(No.2, Vol.3, Mar 2013 Vietnam Heritage Magazine)

Criss-crossing the Central Highlands, ascending in the morning mist on the Song Pha mountain pass of the 27 highway to Langbian Plateau, hanging in the blue smoke while the sun is sinking on B’lao Pass Highway 20 to Dijring Plateau, gliding in dust clouds on highway 14 under the scorching sun of Dak Lak plateau…I have seen so many abandoned bridges.

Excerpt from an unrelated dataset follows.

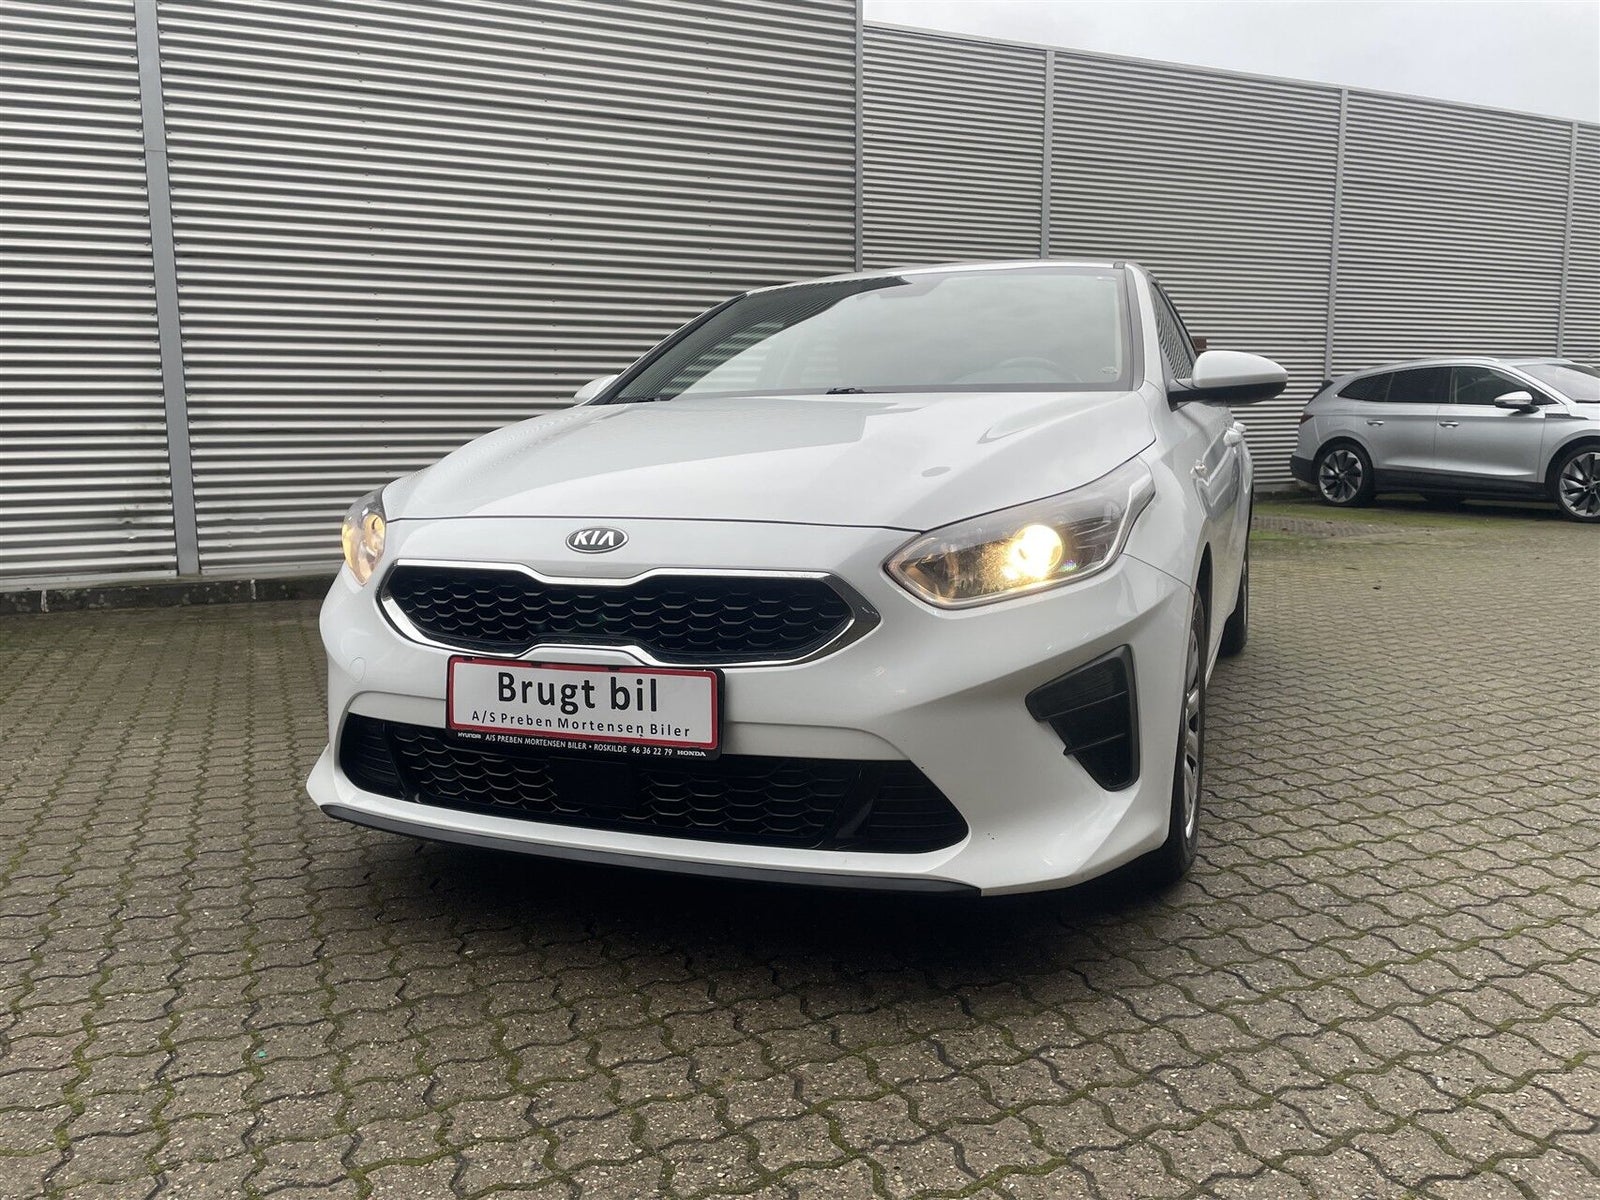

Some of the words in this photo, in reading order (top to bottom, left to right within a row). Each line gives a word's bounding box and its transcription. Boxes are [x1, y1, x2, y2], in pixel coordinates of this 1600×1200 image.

The old Song Pha bridge at the Song Pha Pass (or Ngoan Muc Pass) on National Road 27 connecting the Central Highlands with the coast

Contemplating them, taking photos of them so many times, somehow the feeling yet remains pristine, one like meeting old friends and taking a photo as a way of greeting them. Some are abandoned because they were destroyed by war. Some are not needed because the road was rerouted. Some simply are degraded beyond repair. Some suddenly became unwanted because the country now can borrow money from abroad to construct new bridges, and has the need to do so.
In the early 20th century, the French focused on building roads and bridges to the Central Highlands. Those roads and bridges brought the ‘mythical land’ (as described by Dambo, one of the very first ‘Tay-Nguyenologists’ who came with the French to colonize this country), nearer to the modern world; mountains and forests became plantations, then offices, slash-and-burn civilization moved to industrial plantation, mountain villages became townships, implanting city civilization into or replacing forest civilization, injecting rationalism into the naiveté and incorporating market culture into the purely agricultural, emotion-driven way of life.
Every time I pass by those abandoned bridges on the Central Highlands, I can’t help but think about so many generations of miserable Vietnamese who were forced to work as coolies for the French in those painful periods. One can feel vividly the presence of bridge laborers, exiles in their own native land, toiling in the silhouette of the clouds floating above.
The French, with advanced science and talent designed those wonderful bridges. But it was the sweat and hands of the Vietnamese that built them, sacrifices that can be felt even now. Traces of villages of Vietnamese, who once drifted with the fate of road-and-bridge coolies, can still be seen at Song Pha, Dran, Phat Chi, Tram Hanh on highway 27, at B’lao Seré, Dai Lao, Nam Nhi on highway 20 and near bridge 14 across Serépôk River on highway 14 today. Among the graves of Vietnamese on the Central Highlands, there are those of road coolies, bridge coolies, and coolies of the coffee, rubber and fruit plantations, and those of traders. I used to wander on the hills inhabited only by-road-and-bridge builders’ graves.
Today, countless numbers of new bridges have appeared on Highways 20, 27, 14, 21, 19, 25 and 28. From the plains up to the Central Highlands, the abandoned bridges built 80-100 years ago are still strong and elegant, like works of art hanging over streams and rivers. Some, such as Da Quay bridge near Nam Nhi Farm on the old Highway 20, were built with ferro-cement in the form of a cozy house, as if not only for vehicles, but also for shelter. The Dai Lào Bridge arcs between heaven and earth like a rainbow. The wavy, weathered 14 bridge is an architectural work of art.
People no longer use some bridges that go from the Central Coast and from Ho Chi Minh City to the Highlands. But people don’t demolish them. May be they are built too strongly, are difficult to destroy, and occupy almost no land, so people spared them. They are remaining mementos, unlike those destroyed by the wars, or the ones made of iron, disassembled after the war to be sold as scrap material.
The local people living near those unwanted bridges use them for shelter in the storm season, to sun-dry agricultural produce. It’s where they sit to contemplate the river underneath, where kids learn to ride a bike, do their home work, where boys and girls date, where newlyweds take wedding photos, and especially, where French tourists come to feel bewildered by long-forgotten ghosts still lingering there.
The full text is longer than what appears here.